Back to Wisley a week or so ago, hoping to catch the tail end of their tulip festival. A visit which was advertised at reference 1, more than a month after the previous visit, noticed at reference 2. Once again, surprised how long ago that was.
Arrived in time to get into Car Park No.1, with the snap above being one of a couple of sighting shots, intended as a fall-back should BH forget where we had parked. Not sure that it would have been of much help in that eventuality, but there are some interesting badges bottom right.
This had meant an early start - early start, that is, for us - with our arrival on the A3 being marked by there being some kind of a hawk overhead. While the lights we were with us when we left the A3, getting through the waterworks associated with Wisley Acres without significant delay. Into the café for tea, decaff and scones by 10:35.

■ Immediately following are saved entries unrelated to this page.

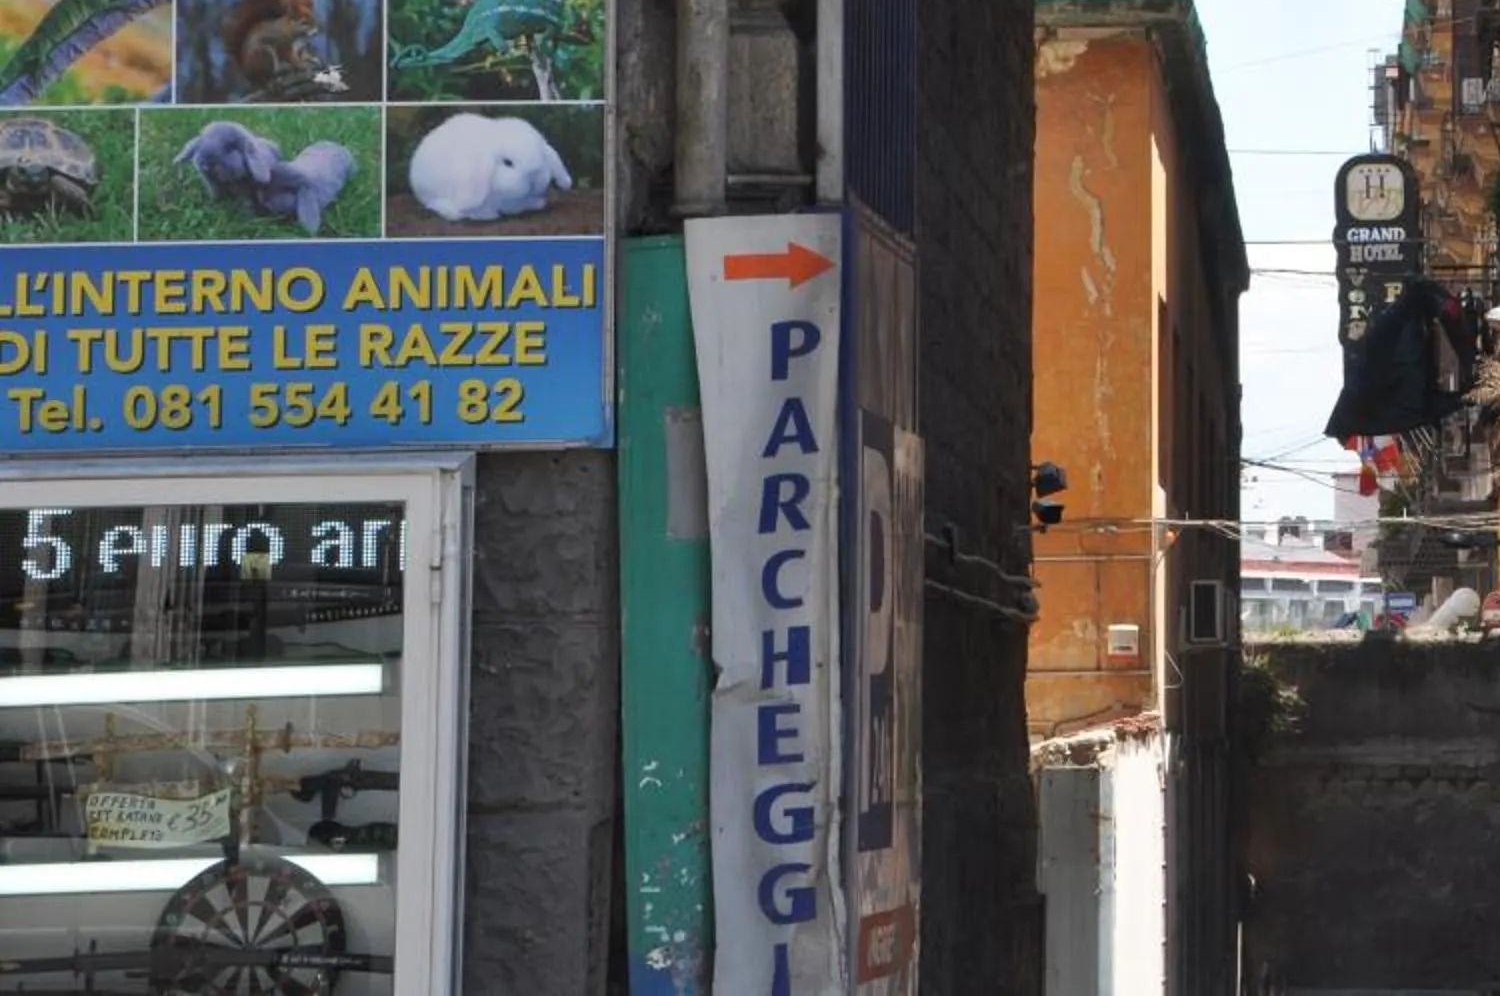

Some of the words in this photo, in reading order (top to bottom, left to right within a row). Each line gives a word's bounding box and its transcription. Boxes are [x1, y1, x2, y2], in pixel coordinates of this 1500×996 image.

[1346, 227, 1406, 243] GRAND
[1350, 243, 1404, 263] HOTEL
[0, 268, 325, 317] L'INTERNO
[342, 264, 596, 311] ANIMALI
[0, 329, 48, 375] DI
[67, 325, 252, 373] TUTTE
[273, 324, 337, 370] LE
[359, 320, 547, 367] RAZZE
[8, 385, 104, 432] Tel.
[122, 383, 223, 430] 081
[247, 381, 352, 427] 554
[368, 380, 433, 425] 41
[457, 377, 526, 423] 82
[21, 508, 72, 580] 5

Our first sit in the sun was taken on a bench by the big lily pond, where the massive display of tulips was just starting to go over. But still pretty impressive.
And BH is rather fond of the curiously pruned shrubs on the other side.
And then some more, in a rather different planting, seemingly on the other side of the pond from where we were sitting.
Trying to locate this bed, I turned up a shiny new map of Wisley from their website, powered by Hypamaps, a rather dynamic affair from which the still above is taken.
In the snap above, the lily pond is below the left hand spot, while my money is on the yellow tulips being in the vicinity of the right hand spot. But I am not very confident about it. Nor am I sure that I would not have got on better with the old style map, which I have yet to relocate.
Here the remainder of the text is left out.